Mom's wisdom

"Here's the thing about life. You've got to find those fun things to have about life. This is not necessarily fun.
But you've got to find something fun." - Mom, on June 22, 2012.

Tuesday, November 19

A few thoughts as the weather turns cold

In this short Life that only lasts an hour
How much - how little - is within our power
Emily Dickinson
One of the many amazing things about being a parent is watching your child grow. The growing itself is imperceptible; you can see your child every day, watch him play for hours, and you will not see him suddenly stand a half inch taller or flex his toes on a now-longer foot. The changes in a growing child happen slowly, almost behind the scenes. They happen over weeks and months, and they happen at night while you sleep. You notice the changes when your child's too-long pants are now too short, or he stops asking you to turn on the faucet because now he can reach it himself. These little changes are the guideposts you see along your child's journey from an infant to an adult. They're miraculous, all of them, and wonderful to see. I consider myself a pragmatic person in most things, but in parenting, I am a wholehearted sentimentalist. I get teary with both pride and sadness at these changes in my growing child.

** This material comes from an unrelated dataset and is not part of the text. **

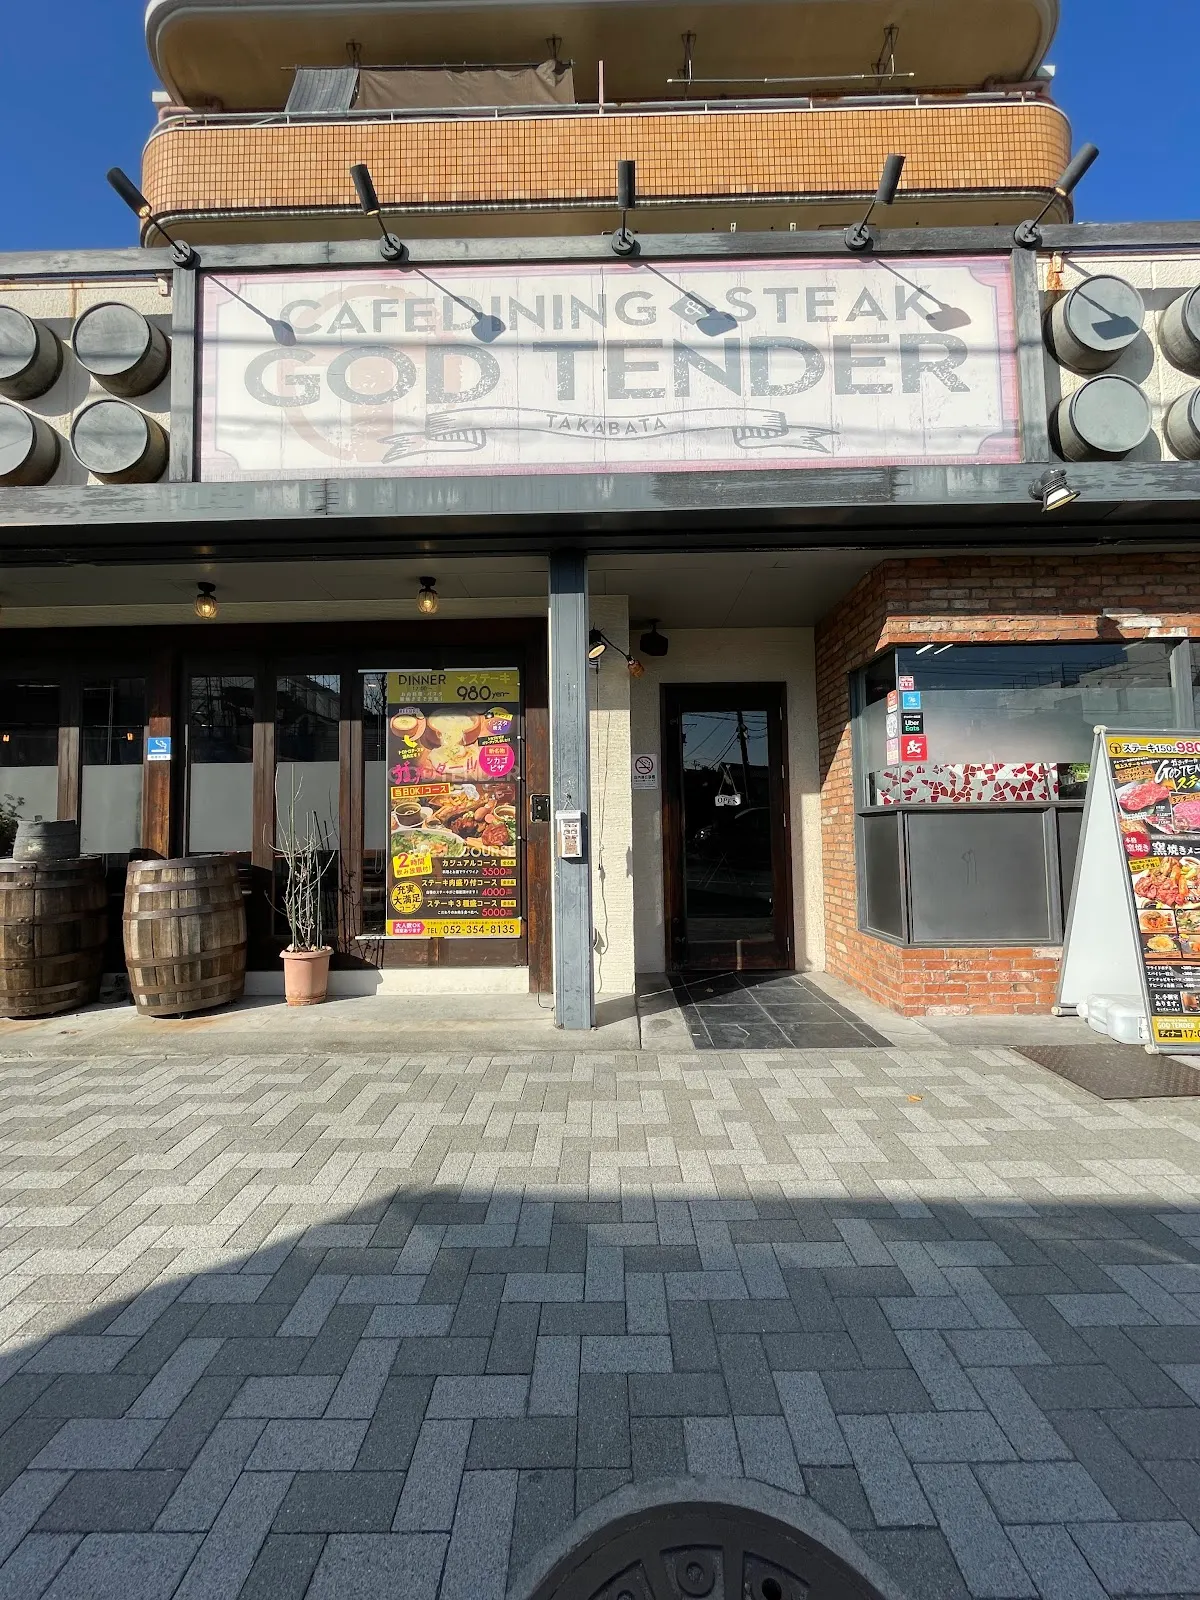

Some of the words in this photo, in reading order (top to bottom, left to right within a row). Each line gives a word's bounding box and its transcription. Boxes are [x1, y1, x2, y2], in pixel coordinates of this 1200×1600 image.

Now I'm facing the death of a parent, and not just any parent, but my mother. (It's not only my loss, of course; we're all losing her. Still, the intense fear and grief make me feel alone.) Hers was the first voice I ever heard, and I can recall her laugh in an instant despite having heard it so little in well over a year. I moved away in 1999 and laughed when Mom said I would probably never come home. She was right, of course, as she was about most things. Sometimes I missed home. Even before she got sick, I could be moved to homesick tears by the mere memory of how her hug felt, or the scent of home on a Christmas throw she once used as padding in a huge box full of presents shipped to me.

Now I'm "home" frequently to contribute in this constant vigil of caregiving we've been managing for 21 excruciating months.  Each time I arrive home, I see unwelcome changes in Mom. Like growing up, apparently this slow process of dying from cancer has guideposts, too. Three weeks passed since my last visit, and now Mom is suffering from edema in her face, neck and left arm. The nurse isn't sure of the cause; it could be fluid moved down from her brain, or it could be fluid accumulating because she is barely moving. The body has to move to use energy and distribute the fluid taken in from food and drink. Without moving, the body stops processing effectively; fluid pools in the skin. It's painful. Her skin is tight, shiny, and blistered. We raised her arm on several pillows, and it seems to be helping slowly. As usual, there's nothing else we can do.

Mom's cough worsened, too. Some unknown trigger causes her usual cough to get worse, and she has so little strength; she can't do the big belly cough needed to clear it. Instead, she coughs repeatedly and unproductively, and she sighs with exhaustion between the spells. Tonight the coughing spell grew worse again, and we tried cough drops, Mucinex, wet heat - nothing helped. In desperation, I mixed a strong hot toddy and coaxed her to drink it. She grimaced and declared it "nasty", which made me happy because at least her speech was clear. Incredibly, the hot toddy seems to have worked - her coughing stopped.


Unlike in the movies, there is no doctor here predicting how much time we have left with Mom. It's unknowable, and we watch these guideposts closely as though counting them will give us the answer. It doesn't, of course. It only shows the progression of the disease along this terrible road that none of us wants to travel.



Now it is fall
By Edith Södergran

when all the golden birds
fly home across the blue deep water;
On shore I sit rapt in its scattering
                                                        glitter;
departure rustles through the trees.
This farewell is vast and separation draws close,
but reunion, that also is certain.

My head on my arm I fall asleep easily.
On my eyes a mother’s breath,
from her mouth to my heart:
sleep, child, and dream now the sun is gone.—

3 comments:

Nayzak said...

I have not kept up with this blog since the first few posts about Mrs. Worrell fibally leaving the hospital, so this completely shocked me. I am so sad to hear this news, but I know Mrs. Worrell is going to get through this with the help of every wonderful person staying and helping her through this. I had mrs. Worrell the year she left, and I miss her very much. I will be praying for her. Thank you so much for keeping us updated, and if you are able to, please let her know that her students miss and love her very much!

Unknown said...

Thanks for your comment and prayers, Nayzak! It's great to hear from you - Mom will be happy to know she's still so loved by her former students.

Judy Saldi said...

My heart aches for Judy and all of you, her family and friends.Please tell her Judy from the gym sends her love.